Curta Paranagua 2024

Crítica: Um Perfil Para Dois

Um abraço carinhoso na velhice e na juventude

Por Bruno Mendes


É fácil ler por aí que “fazer rir é mais difícil que fazer chorar”. Pensando bem, a afirmação faz todo o sentido, afinal, com mais ênfase que o drama ou qualquer outro gênero, o gatilho cômico de distintas obras, dá certo ou não, a depender da personalidade, experiência de vida, referências culturais e tudo o que não se sabe sobre cada indivíduo. E, muitas vezes, mesmo quando há sintonia entre o produto cultural e o espectador, a graça não vem em razão de uma série de problemas na concepção artística.

O despretensioso e inteligente “Um perfil para dois” (do diretor Stéphane Roblin) escapa de ingratas e frequentes armadilhas e evolui com elegância ao tratar da história do aposentado e viúvo Pierre, que não sai de casa há 2 anos e que por indicação da filha, passa a ter aulas de informática com o jovem Alex, que namora a neta de Pierre sem ele saber. Entre assombros após o contato inicial com a “nova tecnologia”, o viúvo descobre um site de relacionamento e lá conhece Flora uma moça de 31 anos que deseja encontrá-lo pessoalmente após ficar encantada com a seu romantismo e sensibilidade. Porém, a foto de perfil usada por Pierre, é do professor de informática e este é chamado para conhecer Flora no lugar do septuagenário.

O velho é a voz da prudência, do intelecto e argúcia acumulados desde os tempos pré-virtuais, habilidades que encantam as mulheres e, muito provavelmente, estão em falta entre os moços de hoje. O jovem é inseguro, inquieto, mas ganha bônus com o vigor físico e certa ousadia. Sabe que no século XXI não há problema em ser “rápido demais” e transar no primeiro encontro. As oposições se adequam e os conduzem.

Sem delongas, “invencionices” narrativas ou destaques exagerados à subtramas que pouco acrescentam à história principal – aqui a trama secundária sobre o conturbado relacionamento de Alex com a atual namorada é explorada de modo adequado e auxilia positivamente na construção da personalidade do rapaz – o filme abraça a ideia comumente utilizada por outros do gênero comédia da “mentirinha para solucionar um problema, que tende a dar errado e causar uma grande confusão que pode envolver terceiros”. No entanto, o longa francês aposta na inteligência dos diálogos e na sábia construção dos personagens, gerando o efeito cômico a partir de situações plausíveis ao público. comum.
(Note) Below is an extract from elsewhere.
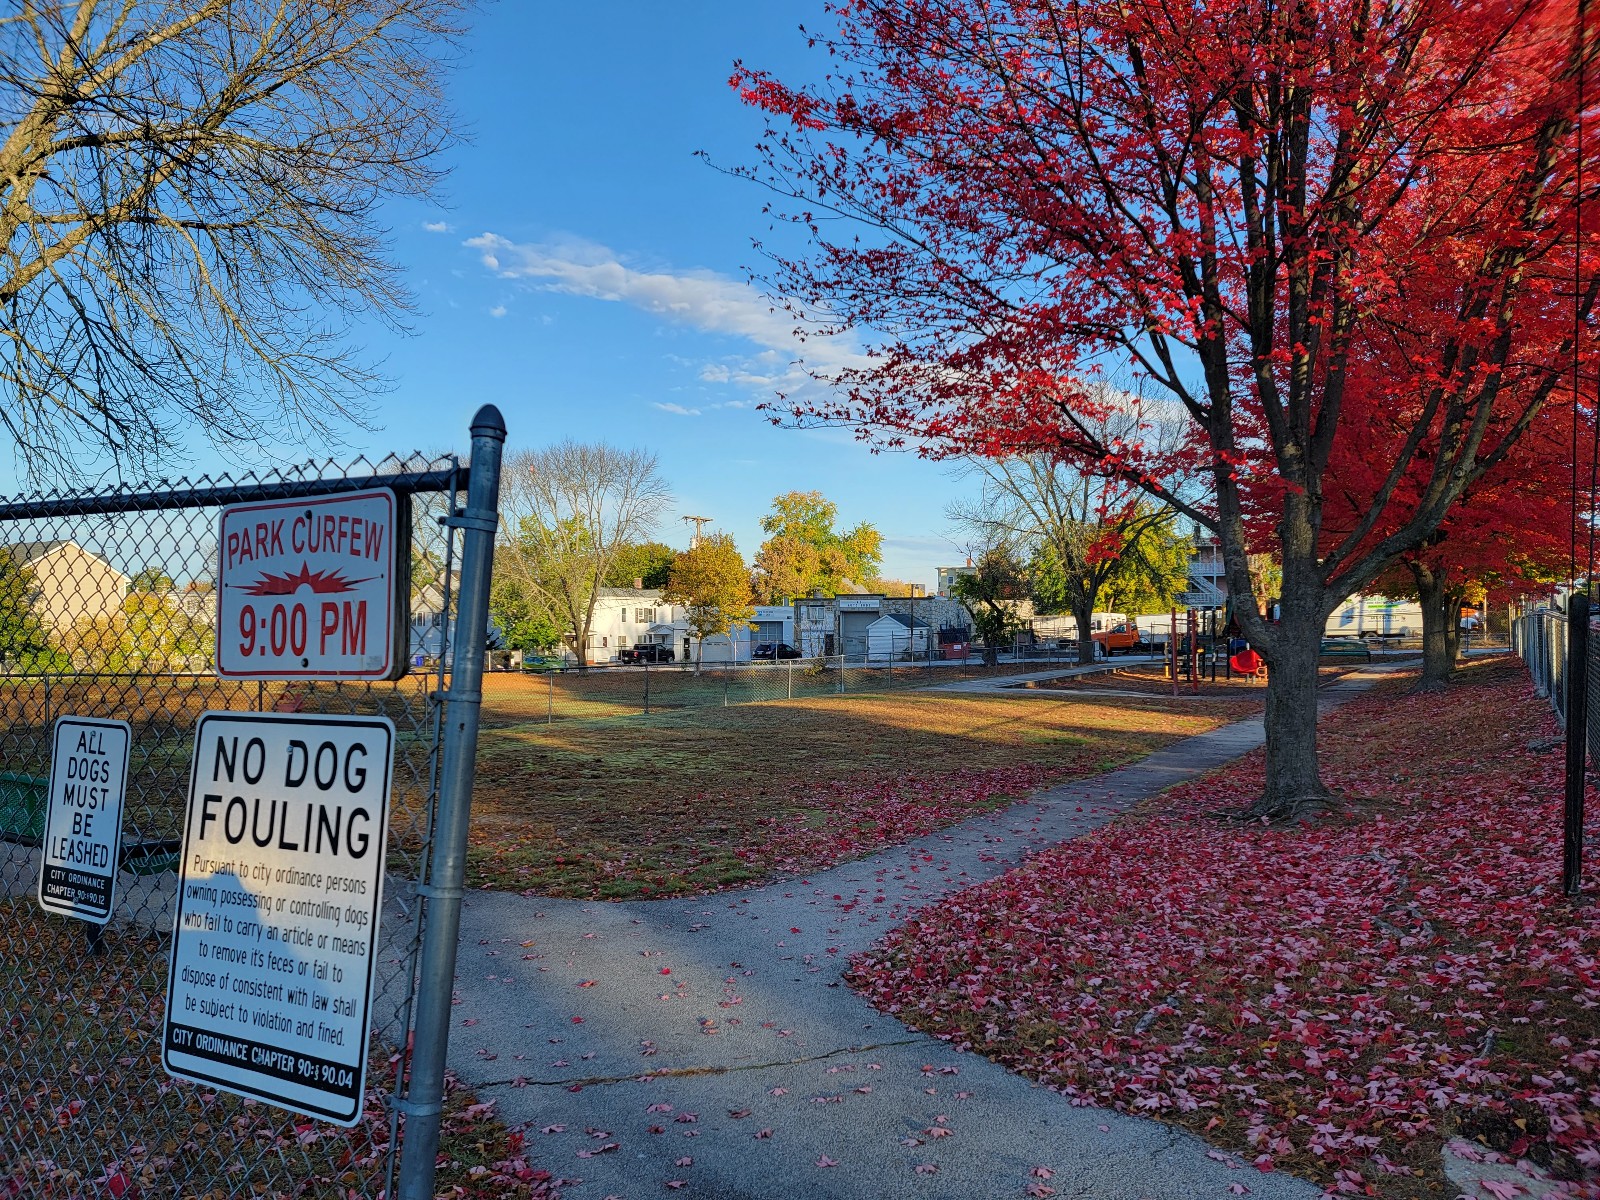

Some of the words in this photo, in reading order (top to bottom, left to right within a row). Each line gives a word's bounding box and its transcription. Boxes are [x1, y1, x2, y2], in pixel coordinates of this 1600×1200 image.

Pierre, ainda que carregue saudades da antiga esposa e, de modo geral, mostre-se desanimado com a vida, mostrando procrastinação ao deixar a casa desarrumada, não tirar comidas velhas da geladeira e sempre usar um casaco velho e fedido, muda de atitude após a recente troca de afetos virtuais.

Já Alex, está no grupo desses sujeitos considerados “fracassados” pelo establishment: não tem emprego fixo, é financeiramente sustentado pela namorada que o despreza e rejeita a busca por um “emprego de verdade”, pois é fiel à ideia de ser roteirista e dela não desiste. Embora vivenciem percalços diferentes, ambos estão deslocados de uma realidade pela qual são aceitos e respeitados e este fato estabelece um vínculo interessante. Em determinada cena, por exemplo, Pierre confessa “ainda bem que tenho você, não aguento mais ser sozinho”.

A frase acima pareceu “sentimental demais” e retirada de um “filme triste”? Sim, “Um perfil para dois” é intimamente sério e o ambiente de desconforto dos personagens é real, mas o roteiro coloca a lente de aumento em cima das possibilidades cômicas dos acontecimentos que os envolvem e – como mérito desta produção – não há ínfimo escorregão melodramático.

Harmonicamente imbuídos da atmosfera romântica de Paris (perdoe-me o inescapável lugar-comum desta observação), todos os envolvidos no drama/romance/comédia desta “confusão cômica” perfeitamente roteirizada, são beneficiados pelo encaixe de possibilidades pelo qual o destino e cliques os proporcionaram.

A obra trata de família, saudades de amores passados, descobertas da possibilidade de amar novamente e observa com finesse o mal estar da velhice e da juventude em tempos de falta de empatia daqueles que supostamente estão mais próximos e sabe o que é melhor ? Ri de tudo isso com muito charme e despudor. Segue no cinema ( e logo mais em DVD/Blue Ray) uma singela homenagem – provida de amor, humor e muita inteligência – à todas as fases da vida.